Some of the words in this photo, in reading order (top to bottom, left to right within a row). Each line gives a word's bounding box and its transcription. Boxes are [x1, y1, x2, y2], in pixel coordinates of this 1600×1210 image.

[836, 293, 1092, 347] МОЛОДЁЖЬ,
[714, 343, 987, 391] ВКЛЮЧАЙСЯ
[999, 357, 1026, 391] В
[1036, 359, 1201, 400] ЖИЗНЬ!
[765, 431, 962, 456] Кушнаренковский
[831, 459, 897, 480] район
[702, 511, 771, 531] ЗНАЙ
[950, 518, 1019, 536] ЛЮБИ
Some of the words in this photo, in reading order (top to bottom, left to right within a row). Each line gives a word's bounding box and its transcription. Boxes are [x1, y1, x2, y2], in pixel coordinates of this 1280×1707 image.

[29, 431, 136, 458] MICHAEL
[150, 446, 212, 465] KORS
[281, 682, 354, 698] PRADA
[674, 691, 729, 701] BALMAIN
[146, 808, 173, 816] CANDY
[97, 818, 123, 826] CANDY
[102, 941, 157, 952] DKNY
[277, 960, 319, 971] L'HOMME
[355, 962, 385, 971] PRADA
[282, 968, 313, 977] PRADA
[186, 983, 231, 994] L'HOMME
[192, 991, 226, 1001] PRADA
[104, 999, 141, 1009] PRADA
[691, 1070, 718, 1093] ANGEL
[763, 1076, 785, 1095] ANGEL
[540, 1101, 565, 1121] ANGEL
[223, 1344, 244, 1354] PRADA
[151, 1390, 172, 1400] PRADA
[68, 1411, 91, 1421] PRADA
------------
§ Exercise requirements
Return every entry verbatim.

§ Task result
Some of the words in this photo, in reading order (top to bottom, left to right within a row). Each line gives a word's bounding box and its transcription. Boxes are [x1, y1, x2, y2], in pixel coordinates of this 1600×1210 image.

[836, 293, 1092, 347] МОЛОДЁЖЬ,
[714, 343, 987, 391] ВКЛЮЧАЙСЯ
[999, 357, 1026, 391] В
[1036, 359, 1201, 400] ЖИЗНЬ!
[765, 431, 962, 456] Кушнаренковский
[831, 459, 897, 480] район
[702, 511, 771, 531] ЗНАЙ
[950, 518, 1019, 536] ЛЮБИ
Some of the words in this photo, in reading order (top to bottom, left to right within a row). Each line gives a word's bounding box and its transcription. Boxes are [x1, y1, x2, y2], in pixel coordinates of this 1280×1707 image.

[29, 431, 136, 458] MICHAEL
[150, 446, 212, 465] KORS
[281, 682, 354, 698] PRADA
[674, 691, 729, 701] BALMAIN
[146, 808, 173, 816] CANDY
[97, 818, 123, 826] CANDY
[102, 941, 157, 952] DKNY
[277, 960, 319, 971] L'HOMME
[355, 962, 385, 971] PRADA
[282, 968, 313, 977] PRADA
[186, 983, 231, 994] L'HOMME
[192, 991, 226, 1001] PRADA
[104, 999, 141, 1009] PRADA
[691, 1070, 718, 1093] ANGEL
[763, 1076, 785, 1095] ANGEL
[540, 1101, 565, 1121] ANGEL
[223, 1344, 244, 1354] PRADA
[151, 1390, 172, 1400] PRADA
[68, 1411, 91, 1421] PRADA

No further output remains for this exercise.